In a stinging rebuke to President Donald Trump, the House of Representatives on Tuesday brushed aside veto threats and passed legislation to terminate the emergency he declared at the U.S.-Mexico border in order to build a wall there.

By a vote of 245-182, the House passed the resolution, setting up a vote in the Republican-controlled Senate where the resolution's chances were slimmer, but seemed to be improving.

While passage was a victory for Democratic House Speaker Nancy Pelosi, the tally was short of what she would likely need to override a possible veto by Republican Trump. Only 13 Republicans supported the move to stop the president's declaration.

During floor debate, Democratic Representative Joaquin Castro, the main sponsor of the controversial legislation, said, "There is no emergency at the border," adding, "Border crossings are at a four-decades low."

Democrats and some Republicans worry that with the emergency declaration unilaterally funding his border wall without lawmakers' approval, Trump was presenting a dangerous challenge to the constitutional balance of powers between Congress and the executive branch of government.
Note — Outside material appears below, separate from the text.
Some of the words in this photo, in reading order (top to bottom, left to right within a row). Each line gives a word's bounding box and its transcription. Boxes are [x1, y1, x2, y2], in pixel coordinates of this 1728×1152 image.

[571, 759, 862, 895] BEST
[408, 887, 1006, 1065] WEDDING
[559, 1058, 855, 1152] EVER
Hours before the House vote, Republican Senator John Barrasso, a member of the Senate's leadership, told MSNBC in an interview that the legislation "may actually pass the Senate."
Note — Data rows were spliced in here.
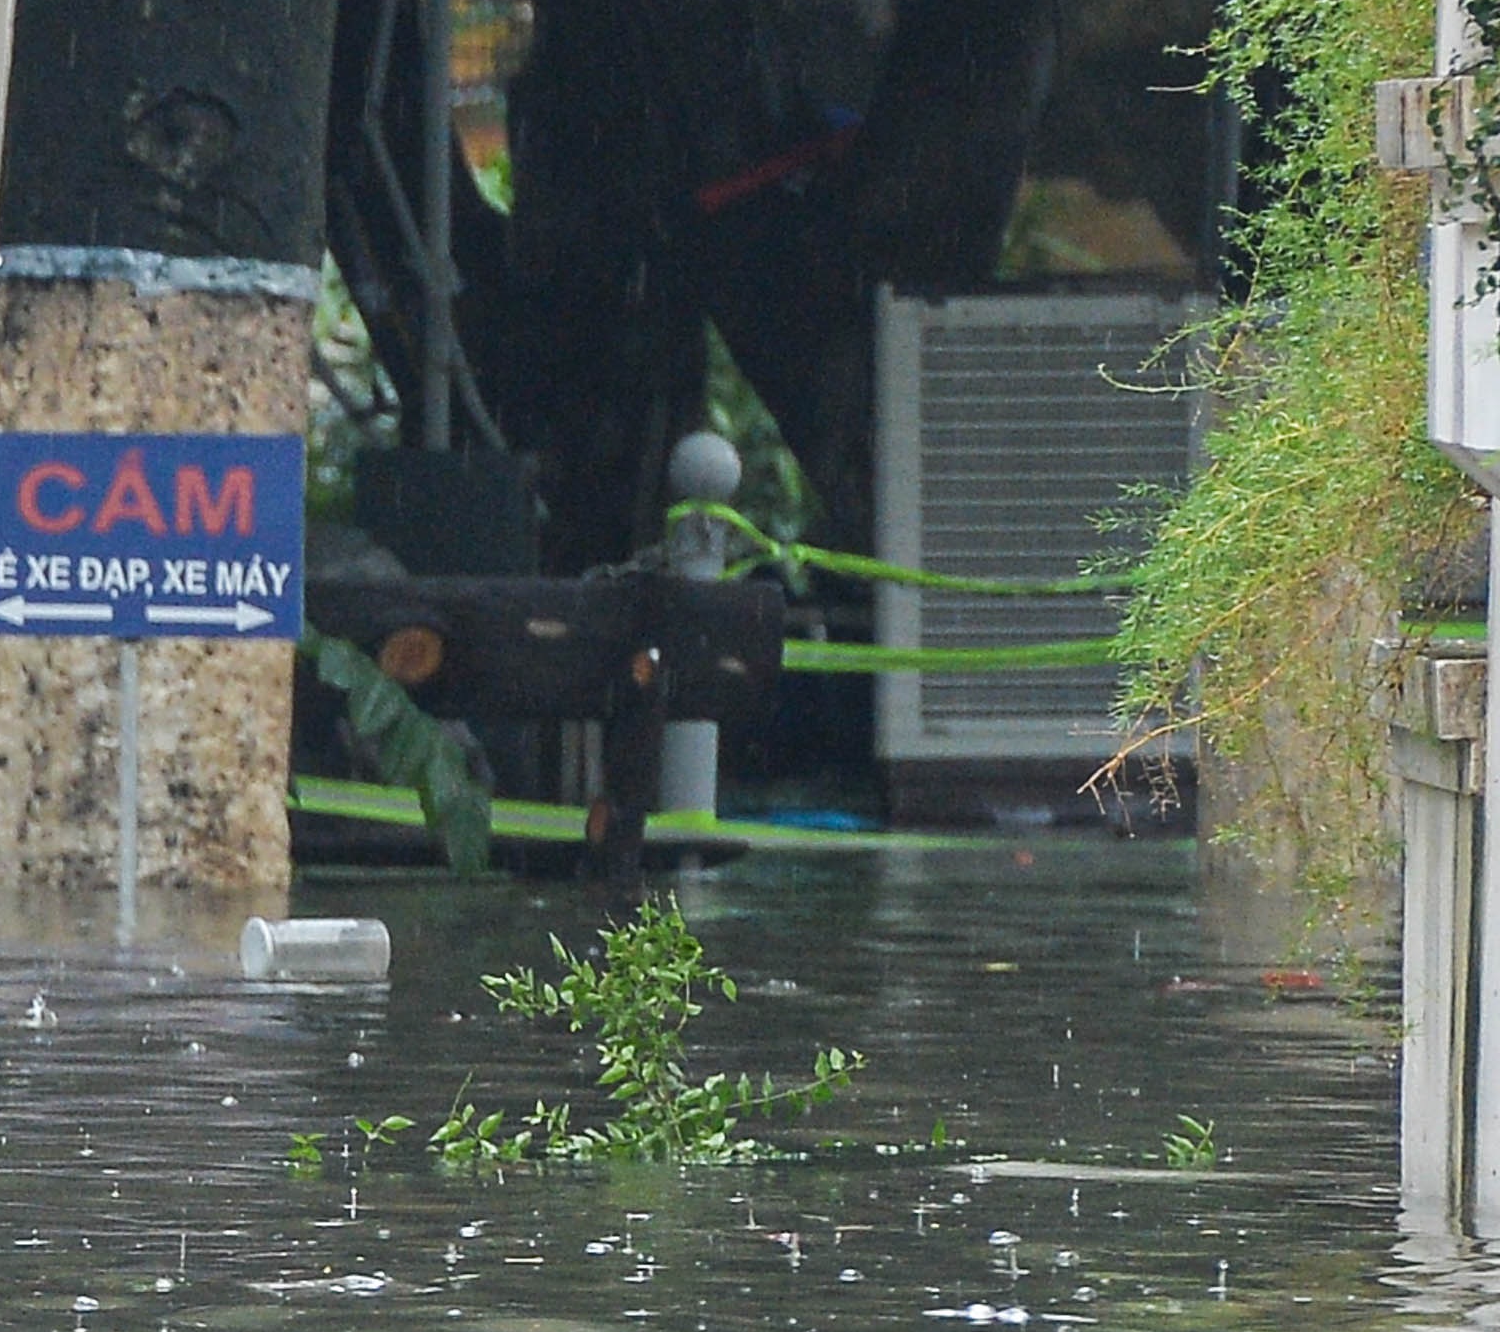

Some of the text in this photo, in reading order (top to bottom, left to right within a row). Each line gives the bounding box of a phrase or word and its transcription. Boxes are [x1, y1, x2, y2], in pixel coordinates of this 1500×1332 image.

[16, 447, 255, 537] CẤM
[26, 555, 70, 590] XE
[78, 557, 153, 599] ĐẠP,
[163, 559, 207, 595] XE
[215, 553, 291, 597] MÁY
Following a closed meeting of Republican senators and Vice President Mike Pence, Senate Majority Leader Mitch McConnell refused to predict the outcome, including whether senators ultimately could override a Trump veto.

McConnell said Republican senators and Pence held a "robust, vigorous discussion" and that he had not "reached a total conclusion" over whether Trump's emergency proclamation was legal.

Meanwhile, the White House formally notified Congress, as expected, that if the measure passes Congress, Trump's advisers would recommend that he veto it in order to maintain the power he activated on Feb. 15 as a way of circumventing Congress.

Trump argues he has the power to proclaim a national emergency to unilaterally direct existing money for building a border wall that Congress has refused to fully fund.

"The current situation at the southern border presents a humanitarian and security crisis that threatens core national security interests and constitutes a national emergency," the White House statement said.

A Trump veto would be the first of his presidency and the first since Republicans lost majority control of the House in last November's congressional elections.

Overriding such a veto in Congress would require two-thirds majorities in both chambers, making it highly unlikely, said lawmakers.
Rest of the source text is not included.